= Information given =
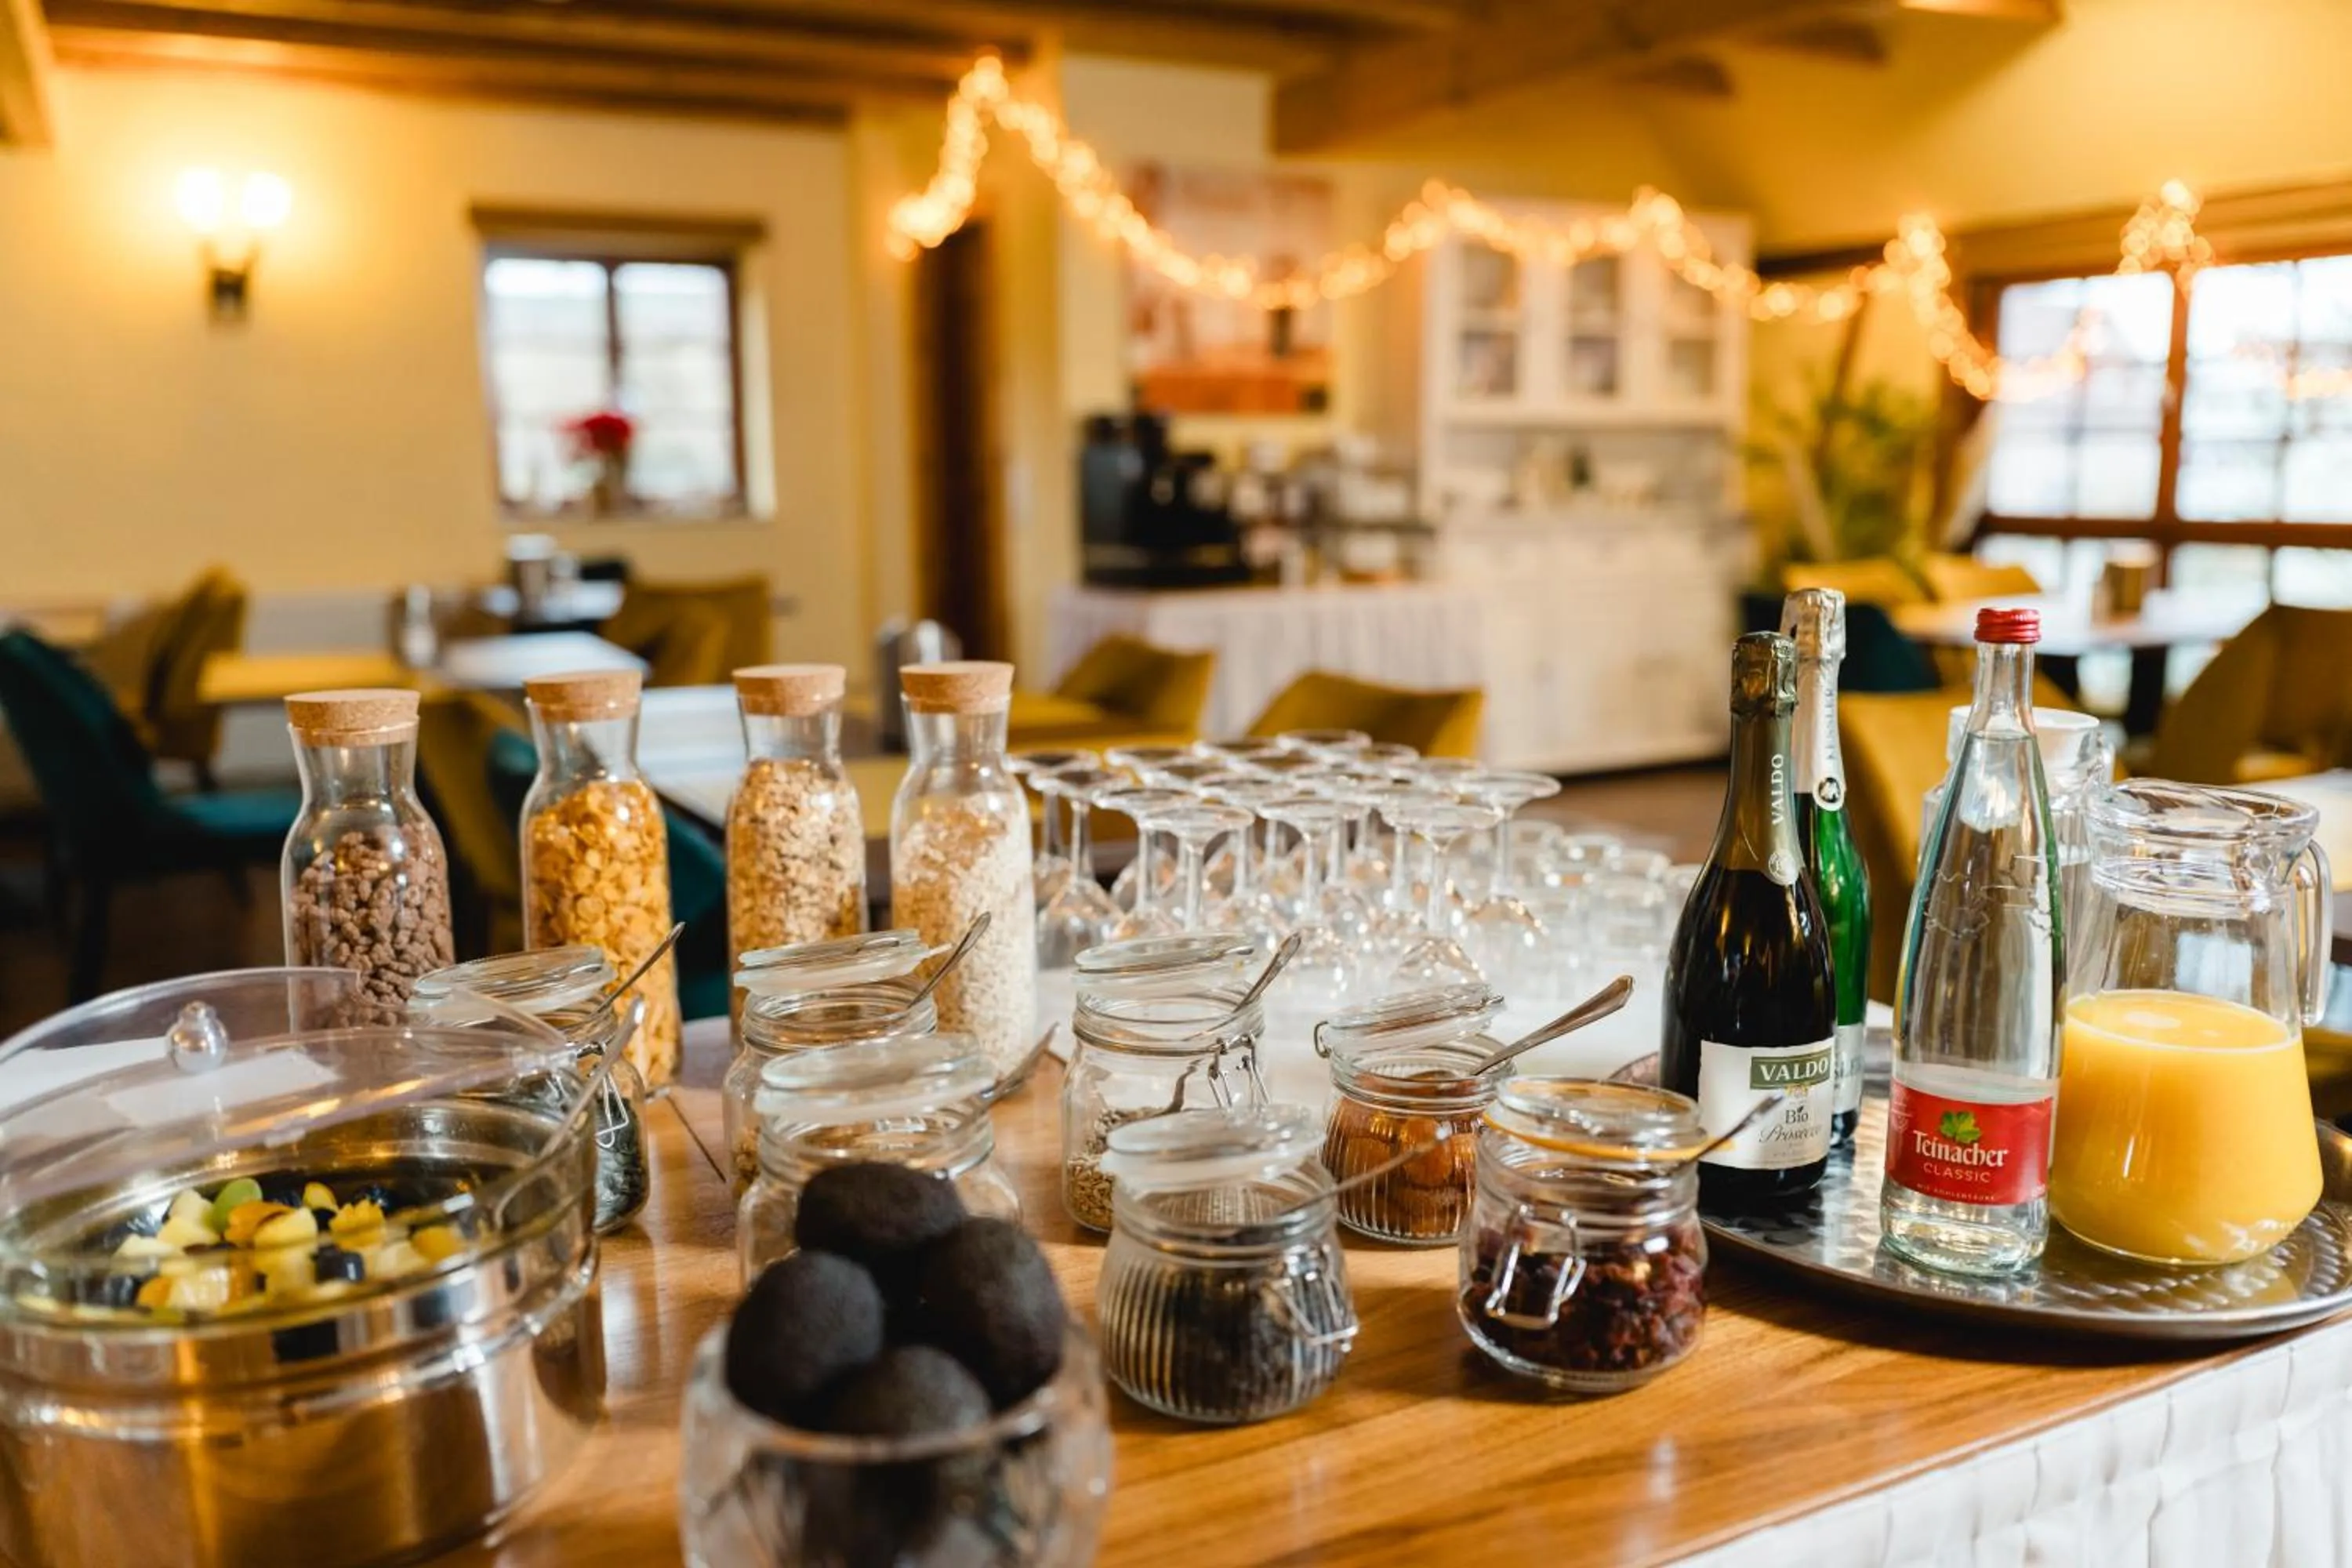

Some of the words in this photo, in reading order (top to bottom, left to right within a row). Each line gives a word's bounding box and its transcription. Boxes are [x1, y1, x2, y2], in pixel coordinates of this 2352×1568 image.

[1771, 753, 1784, 826] VALDO
[1760, 1057, 1828, 1081] VALDO
[1785, 1105, 1809, 1124] Bio
[1913, 1130, 2009, 1167] Teinacher
[1923, 1162, 1991, 1184] CLASSIC
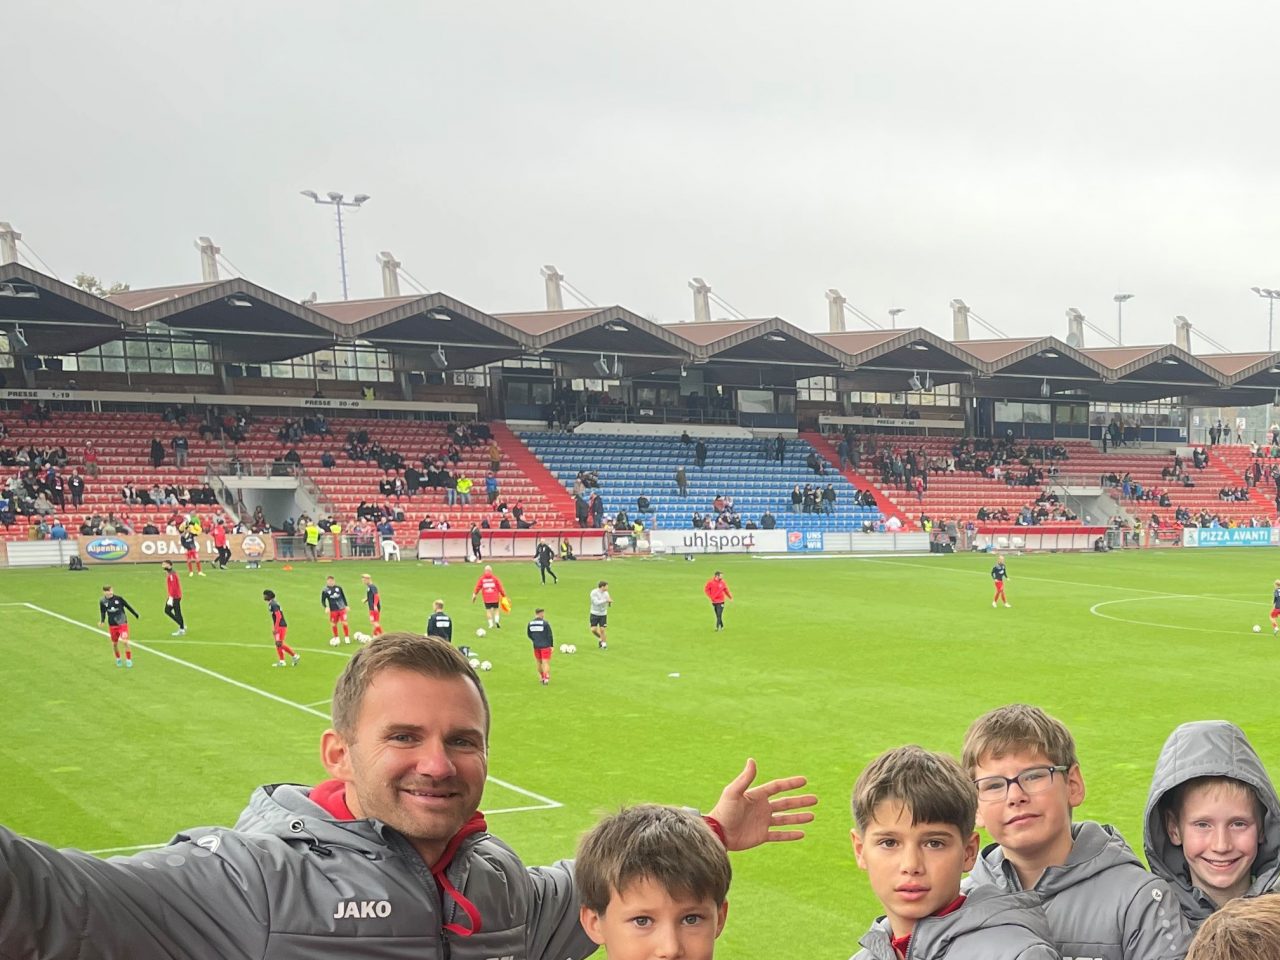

= Work item =
Exactness is what counts here: copy each entry as given and omit its pictures.

= Exercise result =
Some of the words in this photo, in reading order (top to bottom, left to right within a row). Each line gives a word's bounding box and its transcription. Boxes are [x1, y1, x2, y2], in pixel coordinates of this 2352×1568 image.

[1771, 753, 1784, 826] VALDO
[1760, 1057, 1828, 1081] VALDO
[1785, 1105, 1809, 1124] Bio
[1913, 1130, 2009, 1167] Teinacher
[1923, 1162, 1991, 1184] CLASSIC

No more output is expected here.